Trattamenti innovativi e cucina raffinata per imparare a volersi bene

La bellezza è qualcosa che si crea. O meglio che si fa emergere dall’interno, come se fosse una scultura che esce dalla prigione del marmo. Alla Villa Eden di Merano (BZ) l’ispirazione che guida l’intero staff è una filosofia di vita che parte dall’interno. Perché questa destination spa non è una beauty farm come ce ne sono tante. L’idea di fondo è che bellezza e benessere siano inscindibili, e che si possano conquistare, adottando uno stile di vita sano e creando armonia tra il corpo e la mente. A Villa Eden i programmi di benessere sono composti da un equilibrio tra dolce movimento, trattamenti estetici ed alimentazione calibrata. Il tutto in un ambiente esclusivo e raffinato, dove ogni dettaglio concorre a realizzare l’atmosfera perfetta per rilassarsi e sentirsi bene con se stessi. Nella cucina di Villa Eden la creatività si esprime ai massimi livelli. Perché per proporre un’alimentazione light senza rinunciare al gusto ogni ingrediente è selezionato accuratamente, e abbinato secondo criteri che tengono conto della linea e

della gola! Ad esempio la ghiotta paella si presenta in veste vegetariana; la pasta è quella di farro o integrale; il pesce è freschissimo e servito crudo o al vapore. Si scoprono sapori inediti e che soddisfano il palato, e nel contempo si impara come servire anche a casa propria piatti sfiziosi e leggeri.
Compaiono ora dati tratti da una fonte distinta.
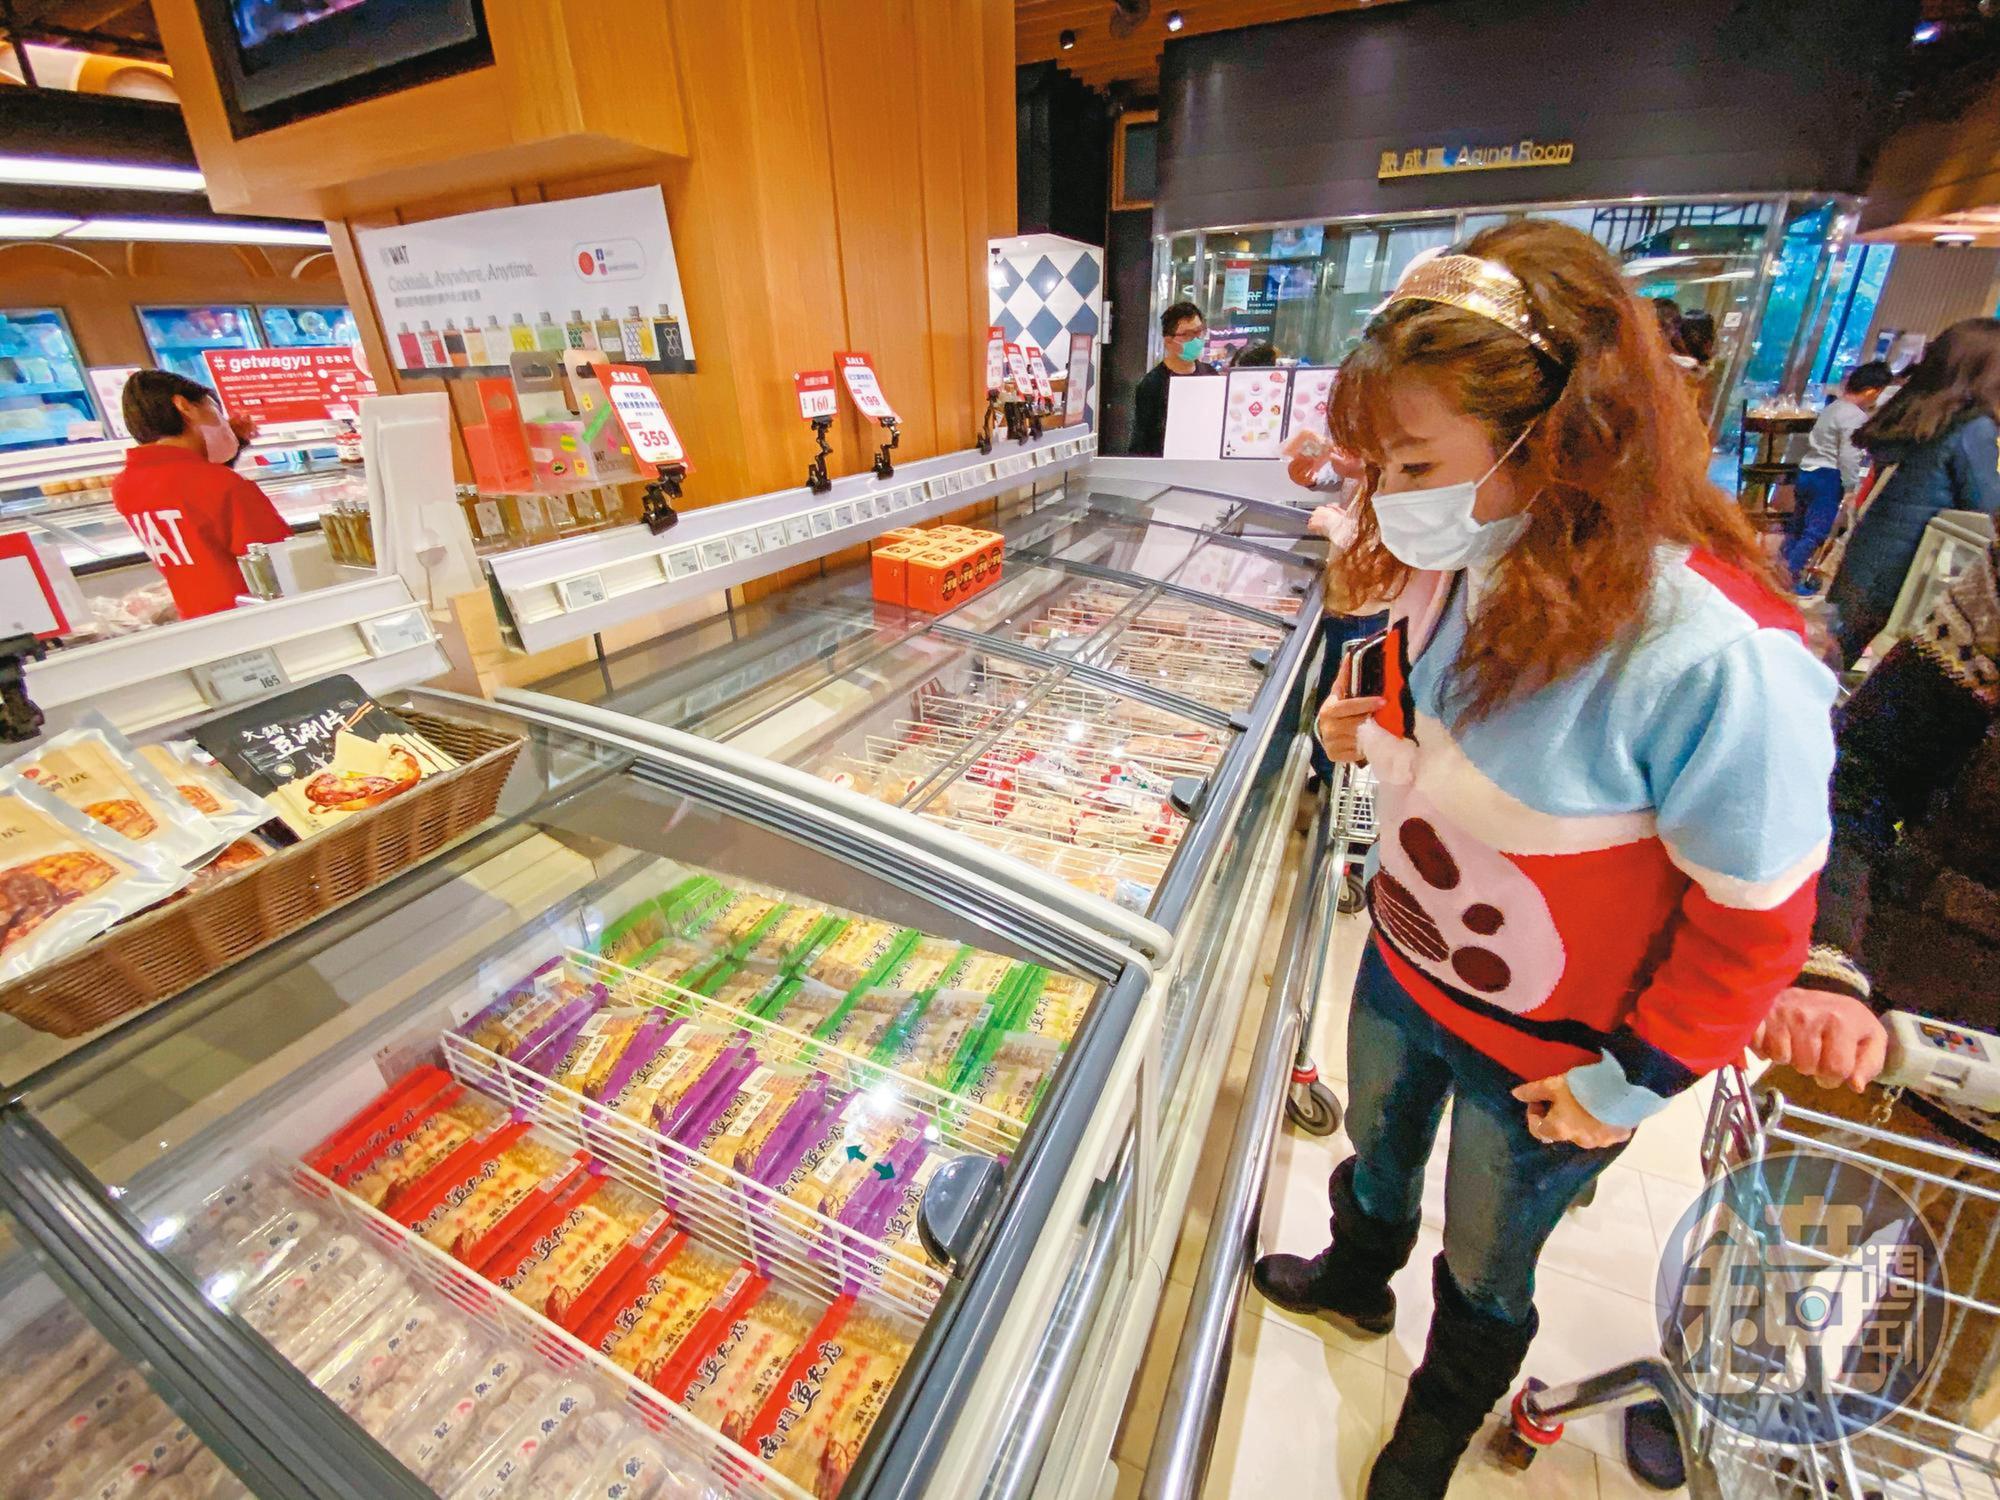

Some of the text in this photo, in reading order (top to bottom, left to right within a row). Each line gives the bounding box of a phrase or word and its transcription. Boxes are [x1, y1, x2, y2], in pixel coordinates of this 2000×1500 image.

Villa Eden Leading Medical Spa propone programmi settimanali (con trattamento di pensione completa) come: Villa Eden à la carte, Sovrappeso, Vita & Salute, Vita & Bellezza, Antistress, Anticellulite, e programmi brevi: Just Relax, Antiaging Intensivo, Mamma & Figlia, Personal Moving, Manager Relax e Villa Eden Break, tutte combinazioni speciali. E qui si possono provare gli effetti della dieta disintossicante, del risveglio muscolare, dello yoga, e ancora: diagnostica tomografica, terapia biofisica, drenaggio linfatico, algheterapia, acquagym, appuntamenti quotidiani con l’équipe medica per verificare i progressi e resoconto finale con la consegna del dossier personale e le schede-cura da seguire a casa.